REQUIRED ACTION:
What is needed is a word-for-word copy of every record below, minus the pictures.

SUPPLIED INFORMATION:
- - -

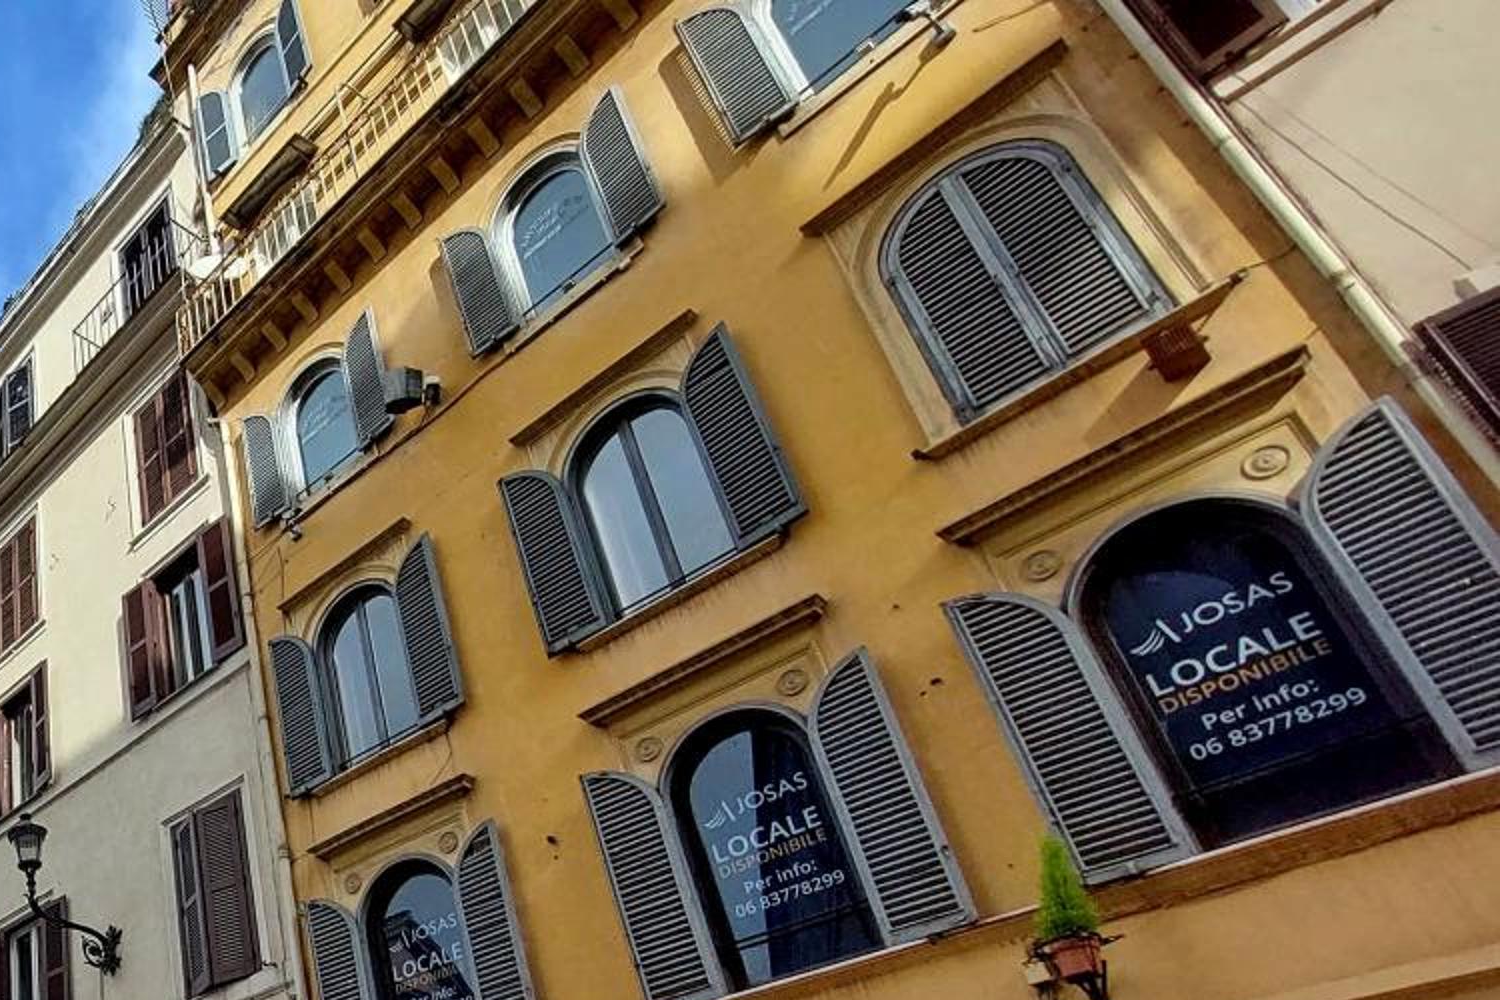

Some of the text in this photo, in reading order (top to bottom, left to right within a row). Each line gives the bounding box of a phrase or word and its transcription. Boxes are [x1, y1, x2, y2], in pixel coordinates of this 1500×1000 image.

[1181, 571, 1294, 635] JOSAS
[1145, 611, 1323, 698] LOCALE
[1156, 638, 1333, 715] DISPONIBILE
[1190, 686, 1368, 761] 06 83778299
[1202, 704, 1247, 731] Per
[735, 771, 809, 815] JOSAS
[711, 805, 822, 864] LOCALE
[718, 828, 828, 880] DISPONIBILE
[735, 868, 846, 919] 06 83778299
[743, 875, 774, 894] Per
[393, 941, 464, 982] LOCALE
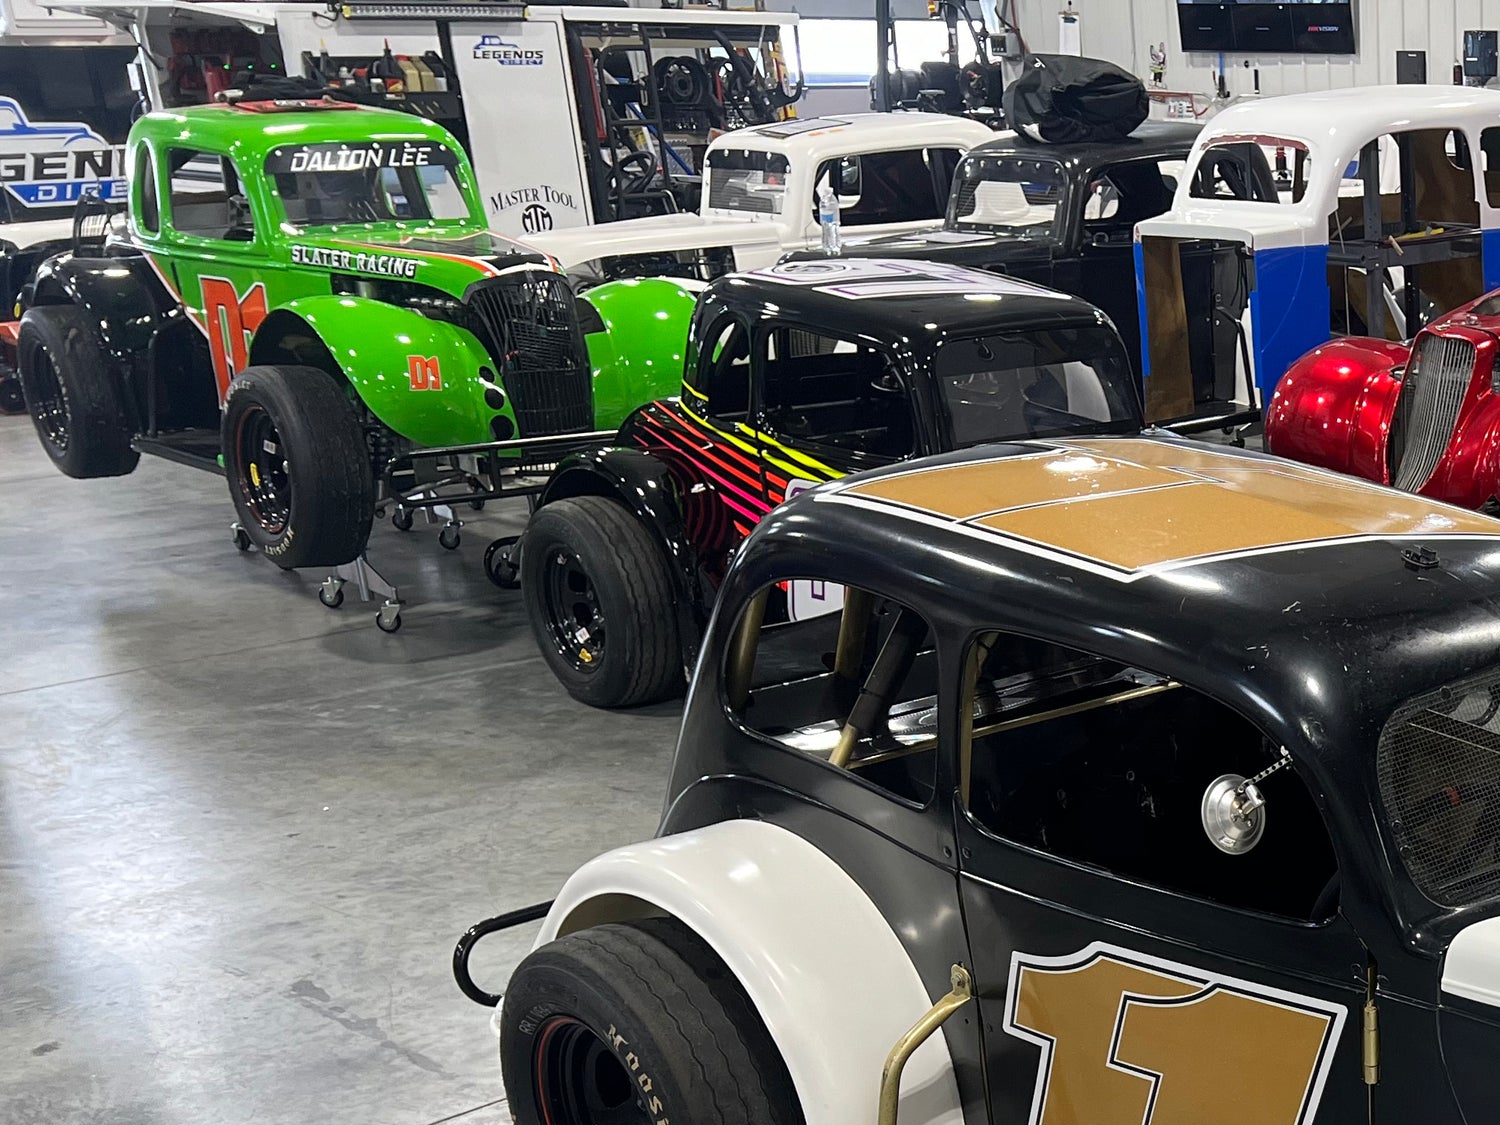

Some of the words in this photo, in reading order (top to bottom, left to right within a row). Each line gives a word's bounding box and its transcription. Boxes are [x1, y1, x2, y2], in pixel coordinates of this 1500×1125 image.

- - -

SOLVED EXERCISE:
Some of the text in this photo, in reading order (top to bottom, left to right within a row). Each line gives the bounding box of a phrase or word and its transcription. Boxes are [x1, y1, x2, y2], in pixel coordinates of this 1500×1000 image.

[1181, 571, 1294, 635] JOSAS
[1145, 611, 1323, 698] LOCALE
[1156, 638, 1333, 715] DISPONIBILE
[1190, 686, 1368, 761] 06 83778299
[1202, 704, 1247, 731] Per
[735, 771, 809, 815] JOSAS
[711, 805, 822, 864] LOCALE
[718, 828, 828, 880] DISPONIBILE
[735, 868, 846, 919] 06 83778299
[743, 875, 774, 894] Per
[393, 941, 464, 982] LOCALE

Some of the words in this photo, in reading order (top to bottom, left to right within a row). Each line gives a word's bounding box and its transcription. Boxes are [x1, y1, x2, y2], in pixel coordinates of this 1500×1125 image.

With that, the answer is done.